> [Exercise]
Print every entry below again. Nothing may differ from the original.

> [Entries provided]
= = =
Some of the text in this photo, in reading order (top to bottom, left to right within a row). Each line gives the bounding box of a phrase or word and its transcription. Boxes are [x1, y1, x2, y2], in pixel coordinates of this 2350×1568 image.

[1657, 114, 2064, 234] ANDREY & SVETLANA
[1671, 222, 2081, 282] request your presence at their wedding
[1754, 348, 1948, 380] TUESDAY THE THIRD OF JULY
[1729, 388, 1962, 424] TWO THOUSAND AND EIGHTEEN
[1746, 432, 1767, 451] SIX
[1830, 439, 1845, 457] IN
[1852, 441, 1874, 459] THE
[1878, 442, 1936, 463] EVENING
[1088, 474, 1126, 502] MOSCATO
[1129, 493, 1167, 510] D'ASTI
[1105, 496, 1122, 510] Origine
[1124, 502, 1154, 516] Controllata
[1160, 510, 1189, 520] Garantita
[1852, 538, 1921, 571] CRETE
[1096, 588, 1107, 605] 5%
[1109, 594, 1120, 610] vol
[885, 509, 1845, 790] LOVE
= = =
> [Problem solution]
Some of the text in this photo, in reading order (top to bottom, left to right within a row). Each line gives the bounding box of a phrase or word and its transcription. Boxes are [x1, y1, x2, y2], in pixel coordinates of this 2350×1568 image.

[1657, 114, 2064, 234] ANDREY & SVETLANA
[1671, 222, 2081, 282] request your presence at their wedding
[1754, 348, 1948, 380] TUESDAY THE THIRD OF JULY
[1729, 388, 1962, 424] TWO THOUSAND AND EIGHTEEN
[1746, 432, 1767, 451] SIX
[1830, 439, 1845, 457] IN
[1852, 441, 1874, 459] THE
[1878, 442, 1936, 463] EVENING
[1088, 474, 1126, 502] MOSCATO
[1129, 493, 1167, 510] D'ASTI
[1105, 496, 1122, 510] Origine
[1124, 502, 1154, 516] Controllata
[1160, 510, 1189, 520] Garantita
[1852, 538, 1921, 571] CRETE
[1096, 588, 1107, 605] 5%
[1109, 594, 1120, 610] vol
[885, 509, 1845, 790] LOVE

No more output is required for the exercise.